Something I blundered across earlier today but I forget which blog I swiped it from:
"Ford has owned a majority stake in Mazda for decades. Nearly every vehicle in Mazda’s lineup is platform shared with a Ford, Lincoln, Mercury, or Volvo.
Until last year GM was the majority stake holder in Subaru. GM sold off their shares to Toyota. Ditto Isuzu.
Mitsubishi has been kept afloat for decades by Chrysler. In the 80’s and 90’s about half of the entire lineup at Chrysler was platform shared with Mitsubishi. Engines and transmissions are still shared today.
Toyota and GM share a factory in California. The factory produces the Toyota Corolla, Toyota Matrix, and Pontiac Vibe.
BMW has used GM automatic transmissions on and off for years. BMW paid GM to develop the automatic transmission in the BMW 5-series and Cadillac CTS.
GM, Chrysler, and Mercedes Benz have a joint venture to build hybrid powertrains.

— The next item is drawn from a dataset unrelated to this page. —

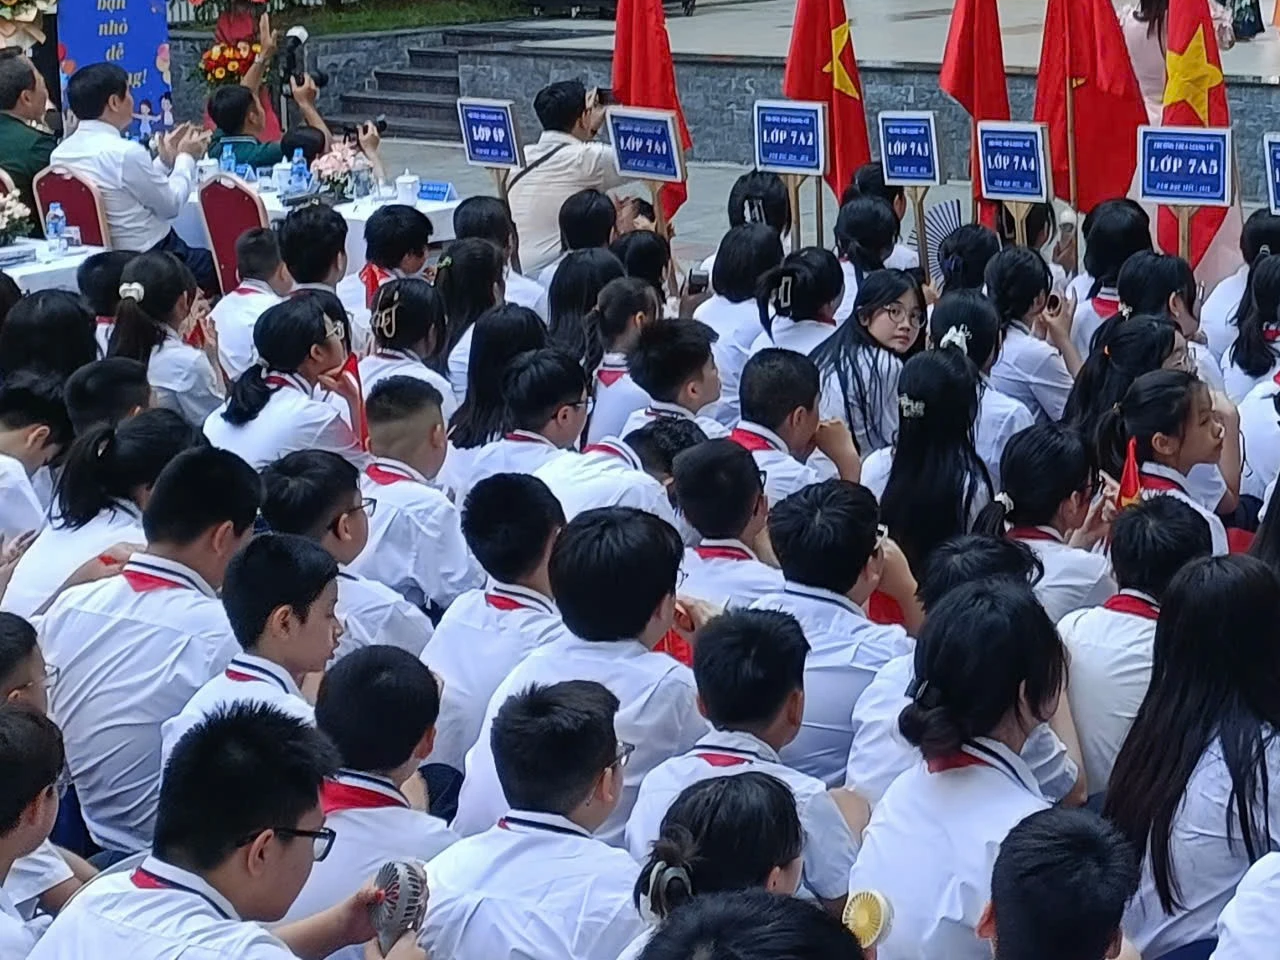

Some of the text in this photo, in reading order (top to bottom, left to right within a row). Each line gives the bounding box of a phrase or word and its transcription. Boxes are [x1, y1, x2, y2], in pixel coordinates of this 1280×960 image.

Chrysler alone, backing out of a deal to buy automatic transmissions, forced transmission manufacturer Getrag into bankruptcy. Getrag supplies transmissions for every auto manufacturer. Ford and Nissan buy their hybrid technology from Toyota. All of the auto manufacturers share suppliers. Any one of the Domestic 3 failing would likely take out the other two and severely damage the foreign owned companies ability to continue to operate here. That’s not to say they don’t need to reorganize, but to even do that they have to be able to make payroll and buy materials. That is what this loan is about. Additionally, to the foreign governments who are planning to protest any bailout by the US government as unfair to imports, the imports have been getting their own “bailout” for years via socialized medicine and other government subsidies."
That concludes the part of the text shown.